Switching

Expand all | Collapse all

Ex2300 keeps switching but ...fpc0 (buf alloc) failed allocating packet buffer

  • 1.  Ex2300 keeps switching but ...fpc0 (buf alloc) failed allocating packet buffer

    Posted 12-02-2020 15:03
    Bonjour everybody, 
        I have 200+ EX2300 running smoothly at various client sites. Just letting trafic goes through between 2 interface so I can keep an eye on it.
    recently,   I lost remote contact with  one  switch. All trafic kept flowing, but no access to my management vlan. 
    plugging at console, I noticed all the log messages file absolutely filled with this .
    Nov 18 13:05:01 ReseauBiblio-SitePrincipal fpc0 brcm_pkt_buf_alloc:393 (buf alloc) failed allocating packet buffer
    Nov 18 13:05:01 ReseauBiblio-SitePrincipal fpc0 (buf alloc) failed allocating packet buffer
    Nov 18 13:05:01 ReseauBiblio-SitePrincipal fpc0 brcm_pkt_buf_alloc:393 (buf alloc) failed allocating packet buffer
    Nov 18 13:05:01 ReseauBiblio-SitePrincipal fpc0 (buf alloc) failed allocating packet buffer
    Nov 18 13:05:01 ReseauBiblio-SitePrincipal fpc0 brcm_pkt_buf_alloc:393 (buf alloc) failed allocating packet buffer
    Nov 18 13:05:01 ReseauBiblio-SitePrincipal fpc0 (buf alloc) failed allocating packet buffer​


    so I replaced switch A with switch B, same configuration. 
    switch A in the lab is back to normal, and switch B in the field crashed after 2 days ... trafic still flowing. . All messages log are filled with the same 
    lines, 
    client won't let me change the switch because all trafic keeps flowing perfectly :-) 

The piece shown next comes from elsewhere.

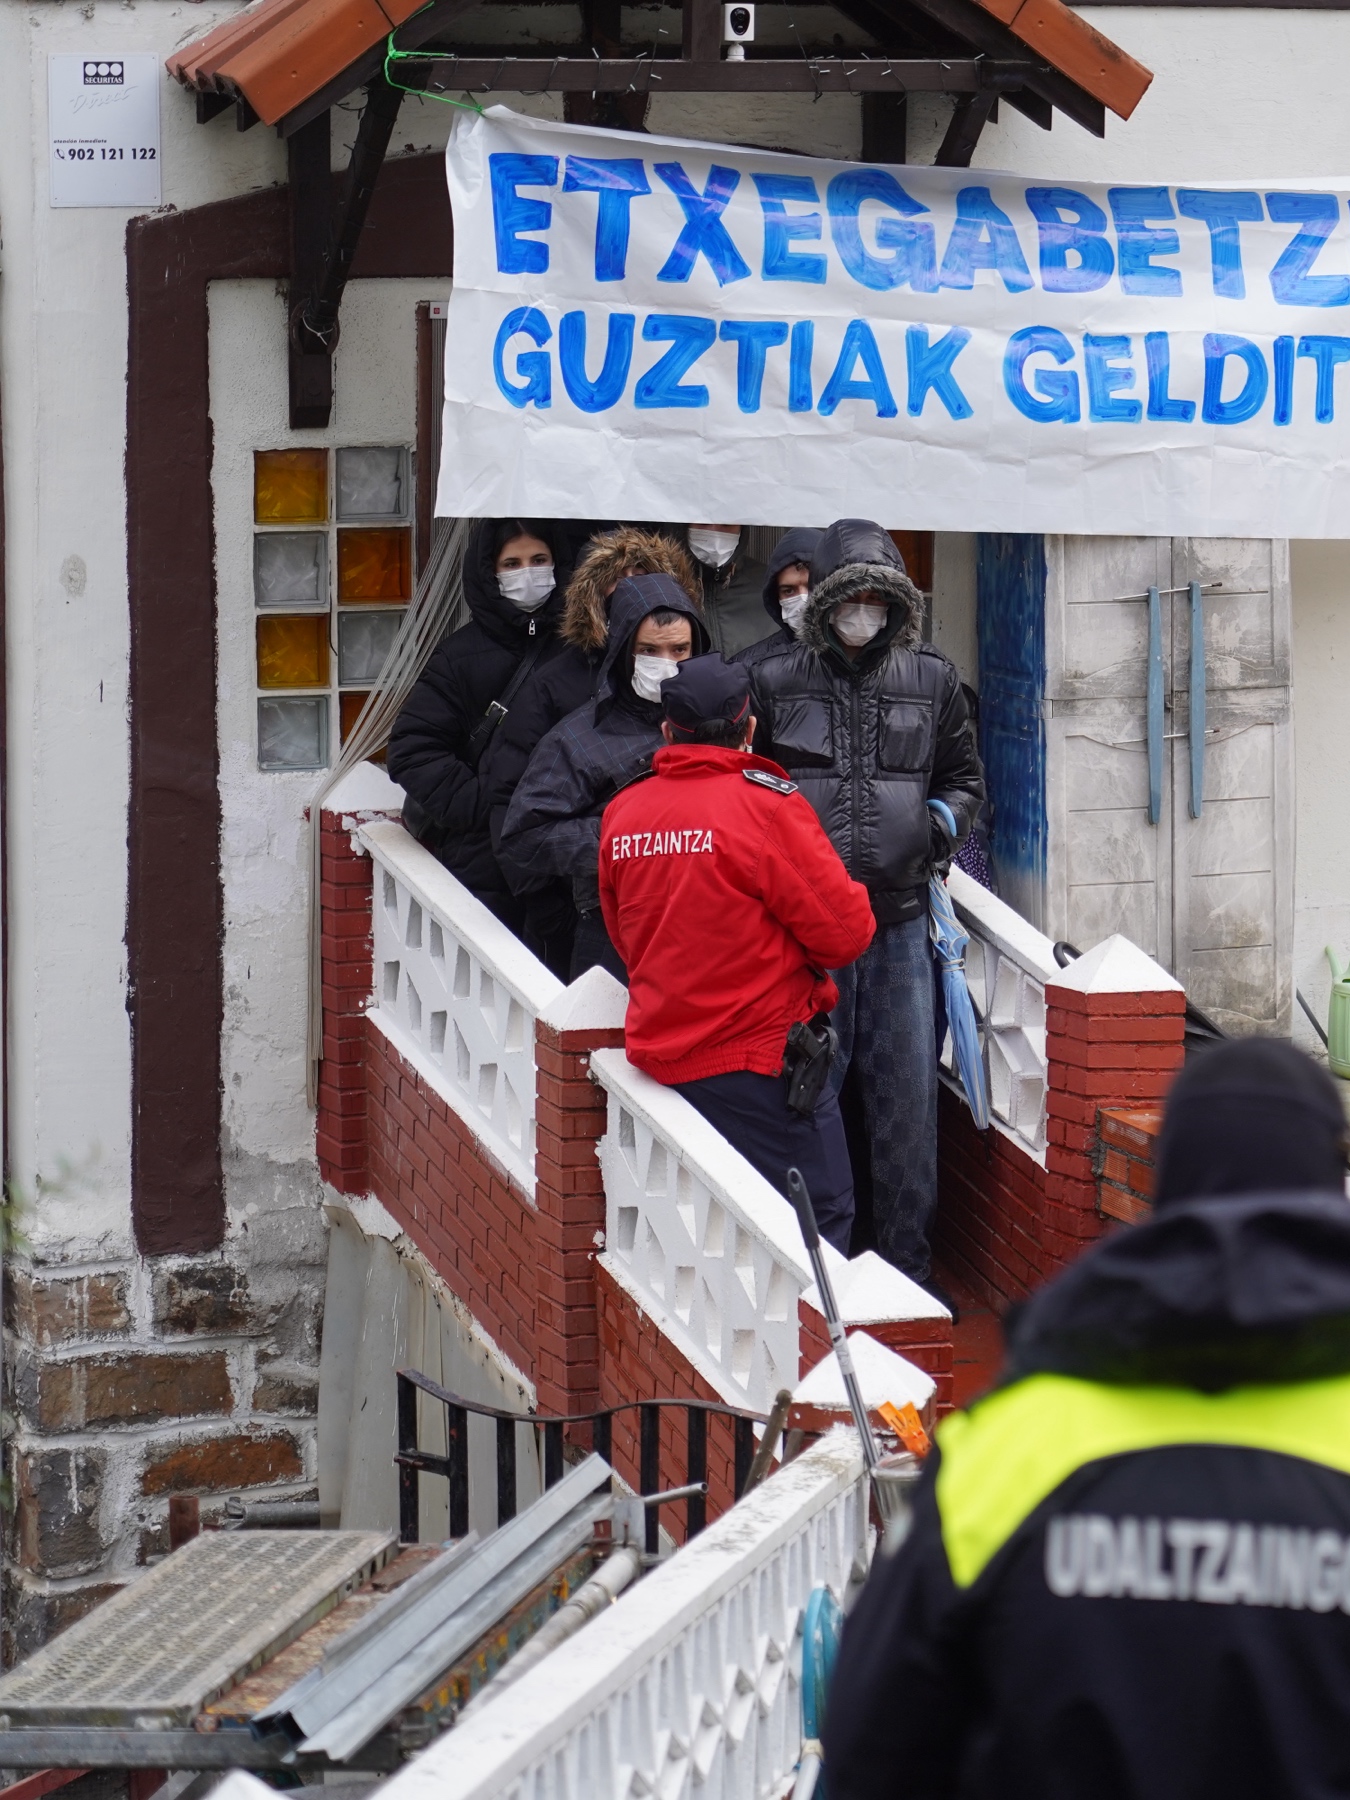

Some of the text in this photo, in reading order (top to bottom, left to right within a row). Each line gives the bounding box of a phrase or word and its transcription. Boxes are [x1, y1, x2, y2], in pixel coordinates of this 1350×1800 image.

[68, 147, 157, 160] 902 121 122
[493, 305, 975, 421] GUZTIAK
[612, 830, 713, 861] ERTZAINTZA

    at this point, I welcome any idea as to what can put a switch in such a state. 

    configuration is basically similar on all 200+ switches.
    2 switches failed with the same problem on the same site.

    opened case with JTAC mention "memory leak" but have not find a cause yet. 

    any clue ? 
    Michel



    ------------------------------
    Michel Lapointe
    ------------------------------


  • 2.  RE: Ex2300 keeps switching but ...fpc0 (buf alloc) failed allocating packet buffer

     
    Posted 12-02-2020 16:17
    Hello Michel,

    although I do not know if this is a known issue (looks like a clear memory leak), I would suggest you to upgrade to a current JUNOS release (e.g. 19.4R3) and check if the issue still occurs. Sometimes this saves you from JTAC cases which can take a very long time.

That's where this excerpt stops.